• [What to do]: Each line of the data should be given again exactly.

(Stored items from a collection)

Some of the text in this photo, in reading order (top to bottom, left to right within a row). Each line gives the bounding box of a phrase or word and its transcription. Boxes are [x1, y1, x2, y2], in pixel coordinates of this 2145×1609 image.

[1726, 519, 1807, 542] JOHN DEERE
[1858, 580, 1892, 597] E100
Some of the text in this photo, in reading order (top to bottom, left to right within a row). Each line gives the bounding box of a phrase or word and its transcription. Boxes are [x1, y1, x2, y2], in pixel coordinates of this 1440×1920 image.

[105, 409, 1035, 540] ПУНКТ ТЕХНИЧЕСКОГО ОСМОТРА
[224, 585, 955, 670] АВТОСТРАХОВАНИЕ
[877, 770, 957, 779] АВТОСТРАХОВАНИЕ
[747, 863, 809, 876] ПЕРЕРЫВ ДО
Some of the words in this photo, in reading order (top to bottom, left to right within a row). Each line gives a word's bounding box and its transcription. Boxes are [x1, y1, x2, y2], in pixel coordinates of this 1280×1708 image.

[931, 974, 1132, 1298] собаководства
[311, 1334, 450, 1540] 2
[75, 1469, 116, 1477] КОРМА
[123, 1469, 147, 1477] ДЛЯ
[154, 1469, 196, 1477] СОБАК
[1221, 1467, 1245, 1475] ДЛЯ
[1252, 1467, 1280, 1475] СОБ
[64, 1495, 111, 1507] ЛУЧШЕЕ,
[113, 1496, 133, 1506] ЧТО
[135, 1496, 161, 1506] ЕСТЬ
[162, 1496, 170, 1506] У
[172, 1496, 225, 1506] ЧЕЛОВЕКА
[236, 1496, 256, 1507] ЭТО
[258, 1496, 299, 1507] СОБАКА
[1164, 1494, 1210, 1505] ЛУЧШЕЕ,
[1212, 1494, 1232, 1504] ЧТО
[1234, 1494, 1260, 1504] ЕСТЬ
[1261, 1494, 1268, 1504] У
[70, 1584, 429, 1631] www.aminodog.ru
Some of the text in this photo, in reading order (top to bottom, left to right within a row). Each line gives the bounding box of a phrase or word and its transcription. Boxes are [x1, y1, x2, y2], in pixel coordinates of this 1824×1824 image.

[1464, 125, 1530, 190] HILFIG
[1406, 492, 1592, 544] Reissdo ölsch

• [Answer to this task]:
Some of the text in this photo, in reading order (top to bottom, left to right within a row). Each line gives the bounding box of a phrase or word and its transcription. Boxes are [x1, y1, x2, y2], in pixel coordinates of this 2145×1609 image.

[1726, 519, 1807, 542] JOHN DEERE
[1858, 580, 1892, 597] E100
Some of the text in this photo, in reading order (top to bottom, left to right within a row). Each line gives the bounding box of a phrase or word and its transcription. Boxes are [x1, y1, x2, y2], in pixel coordinates of this 1440×1920 image.

[105, 409, 1035, 540] ПУНКТ ТЕХНИЧЕСКОГО ОСМОТРА
[224, 585, 955, 670] АВТОСТРАХОВАНИЕ
[877, 770, 957, 779] АВТОСТРАХОВАНИЕ
[747, 863, 809, 876] ПЕРЕРЫВ ДО
Some of the words in this photo, in reading order (top to bottom, left to right within a row). Each line gives a word's bounding box and its transcription. Boxes are [x1, y1, x2, y2], in pixel coordinates of this 1280×1708 image.

[931, 974, 1132, 1298] собаководства
[311, 1334, 450, 1540] 2
[75, 1469, 116, 1477] КОРМА
[123, 1469, 147, 1477] ДЛЯ
[154, 1469, 196, 1477] СОБАК
[1221, 1467, 1245, 1475] ДЛЯ
[1252, 1467, 1280, 1475] СОБ
[64, 1495, 111, 1507] ЛУЧШЕЕ,
[113, 1496, 133, 1506] ЧТО
[135, 1496, 161, 1506] ЕСТЬ
[162, 1496, 170, 1506] У
[172, 1496, 225, 1506] ЧЕЛОВЕКА
[236, 1496, 256, 1507] ЭТО
[258, 1496, 299, 1507] СОБАКА
[1164, 1494, 1210, 1505] ЛУЧШЕЕ,
[1212, 1494, 1232, 1504] ЧТО
[1234, 1494, 1260, 1504] ЕСТЬ
[1261, 1494, 1268, 1504] У
[70, 1584, 429, 1631] www.aminodog.ru
Some of the text in this photo, in reading order (top to bottom, left to right within a row). Each line gives the bounding box of a phrase or word and its transcription. Boxes are [x1, y1, x2, y2], in pixel coordinates of this 1824×1824 image.

[1464, 125, 1530, 190] HILFIG
[1406, 492, 1592, 544] Reissdo ölsch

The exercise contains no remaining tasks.